Just us, the cameras, and those wonderful people out there in the dark...

Saturday, February 26, 2011

The Best Picture Countdown #11: You Can't Take It With You (1938)



Director: Frank Capra
Starring: Lionel Barrymore, Jean Arthur, James Stewart, Edward Arnold

The moral of the 1938 comedy You Can’t Take It With You can be summed up in 3 words: Life is short. It’s a story about seizing the day, doing what you love to do, and making the most of the time you have. Directed by Frank Capra – his fifth movie in six years to be nominated for Best Picture and the second to win – it is a kind hearted comedy about nice people (some of whom don’t quite realize how nice they are) with a sweet romance mixed in. Capra made a lot of movies like that, but it’s to his infinite credit that he managed to make each of them unique and classic in their own way.

The story centers on the eccentric Sycamore family, headed up by Martin Vanderhof (Lionel Barrymore), known to everyone in the family and the neighbourhood as “Grandpa.” He is firmly of the belief that people should just do what they like to do and has surrounded himself with people who feels likewise, including his daughter, Penny (Spring Byington), who currently amuses herself by writing plays, and son-in-law Paul (Samuel S. Hinds), who spends his days making firecrackers, granddaughter Essie (Ann Miller), who wants only to dance, and her husband Ed (Dub Taylor), who makes candy. Grandpa’s other granddaughter, Alice (Jean Arthur), fits in easily with the clan but possesses less pronounced peculiarities, which allows her to assimilate into the rest of society. She’s fallen in love with Tony Kirby (James Stewart), the son of a wealthy banker to whom appearances are everything.

When Tony brings his parents (Edward Arnold and Mary Forbes) to meet the Sycamores it ends in disaster. Not only are the Kirbys horrified that their son wants to marry a girl they see as being so far beneath him, but everyone ends up getting arrested and spending the night in jail after the police show up to talk to Ed about some subversive messages they’ve found inside his candy boxes and Paul’s entire store of fireworks accidentally goes off during the questioning. When Tony fails to stand up to his parents as they continue to look down their noses at her family, Alice breaks things off, setting the scene not only for the climactic reconciliation of the couple but also of the coming together of the two families.

The narrative divides itself into two connected storylines, the first dealing with the relationship between Tony and Alice and the familial complications, and another storyline that has to do Mr. Kirby’s bank attempting to buy up the neighbourhood where the Sycamores live in order to build a factory. Grandpa is the resident whose refusal to sell his property has held up the deal, but Mr. Kirby doesn’t realize that until their night in jail. In a lesser film, the business storyline would be the main story, the one that drives the film forward. Instead, You Can’t Take It With You settles its focus on the love story and the class clash between the families, which allows the characters to become more fully fleshed out and engaging to the audience. This is very much a character rather than a plot driven film.

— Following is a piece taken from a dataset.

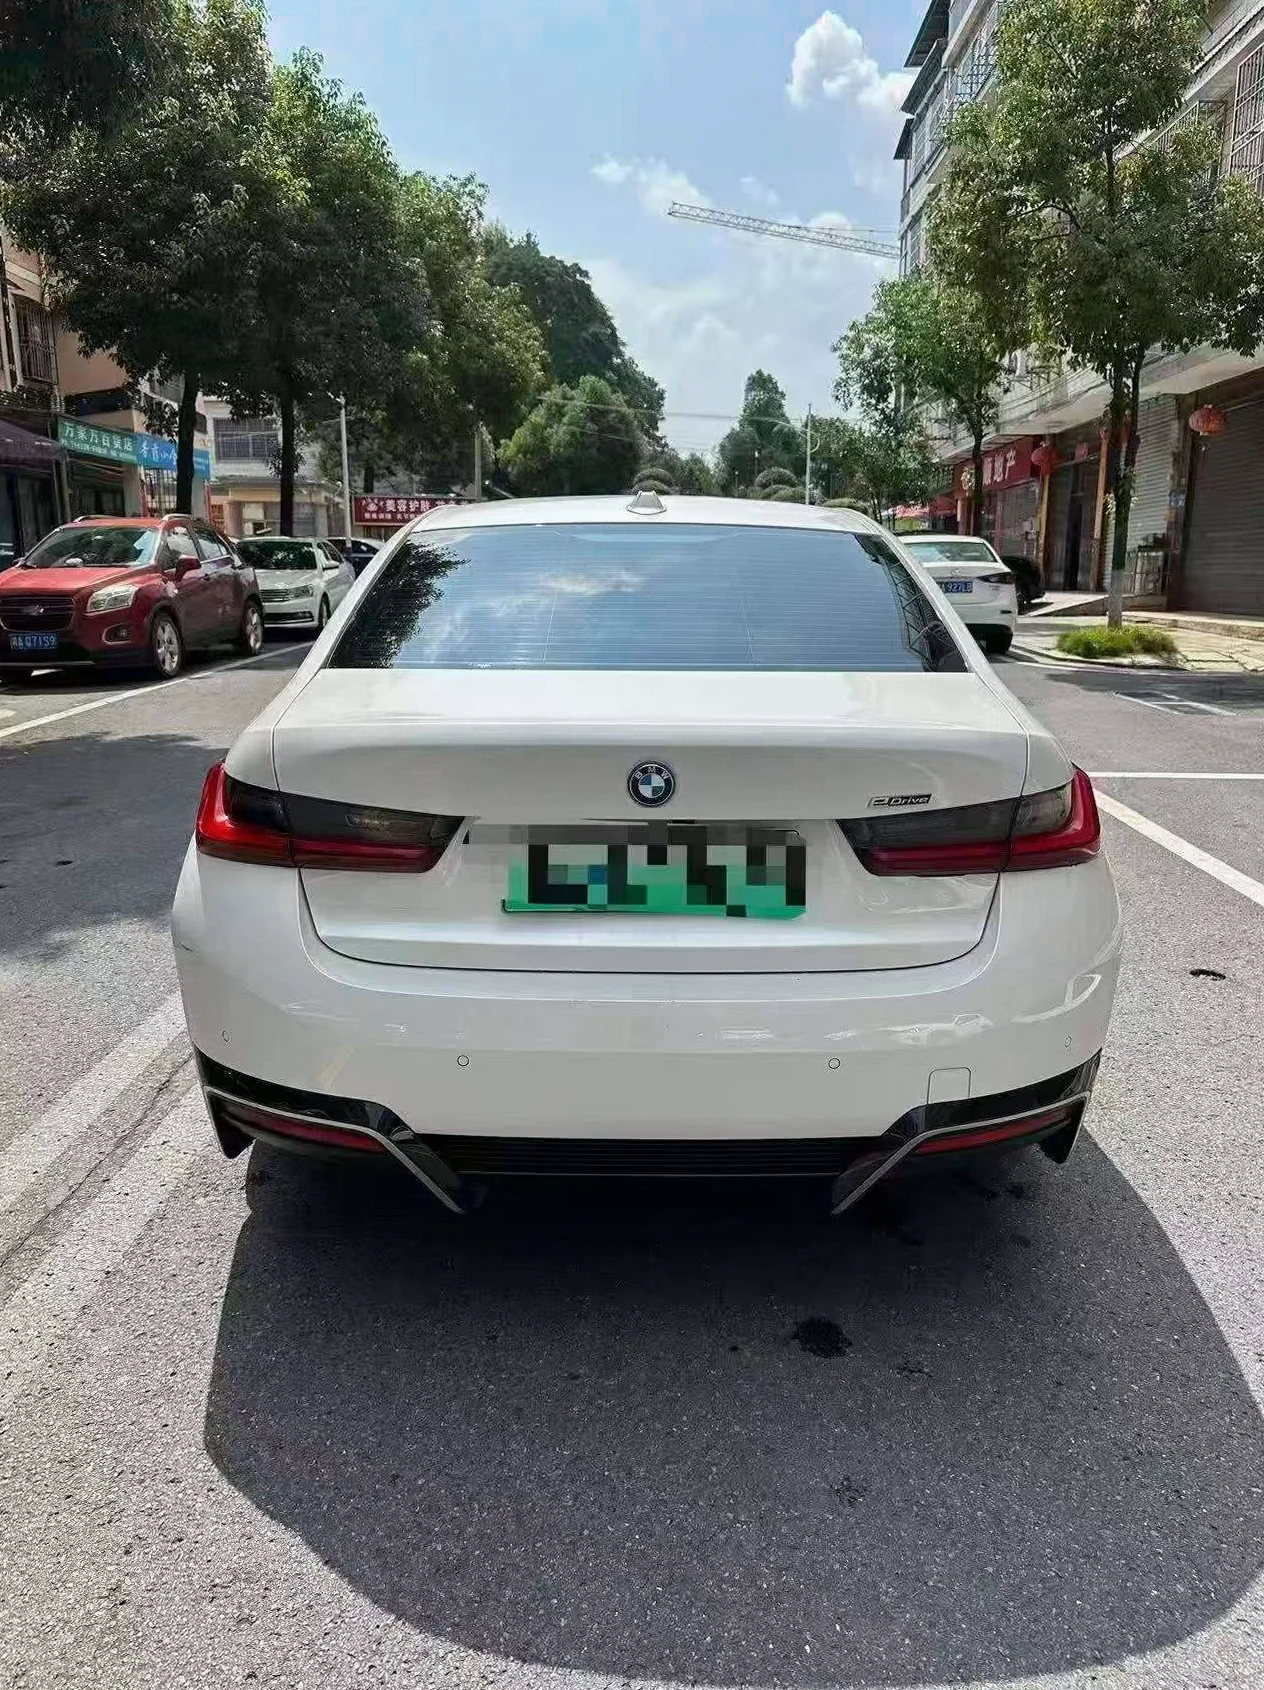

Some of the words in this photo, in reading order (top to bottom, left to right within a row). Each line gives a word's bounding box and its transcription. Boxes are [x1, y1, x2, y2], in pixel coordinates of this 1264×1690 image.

[385, 498, 431, 513] 美容护肤
[634, 766, 670, 780] BMW

The cast is uniformly excellent, particularly Barrymore, Arnold, Stewart and Arthur. There are no true villains here, nor are there cardboard saints; both Grandpa and Mr. Kirby are given enough dimension that neither drifts towards an extreme characterization and Barrymore and Arnold deliver steady performances that make the film’s final scene feel appropriate rather than impossibly sentimental or sappy. As for Stewart and Arthur, they have terrific chemistry (chemistry that would be revisited the following year in Mr. Smith Goes To Washington) and both turn in terrific performances marked by an incredible lightness of touch. Arthur is a fascinatingly naturalistic actor, the kind who draws your eye even when she’s simply reacting to one of the other characters. She’s incredibly charming, as is Stewart, and they make for a very rootable couple.

You Can’t Take It With You is a film I wasn’t particularly looking forward to seeing because the description of it I read made it sound a little hokey (plus I’ve seen loads of stories built on the contrast between zany characters and uptight characters). However, like most Capra films, this one quickly won me over. You Can’t Take It With You is definitely a film I’ll be revisiting in the future.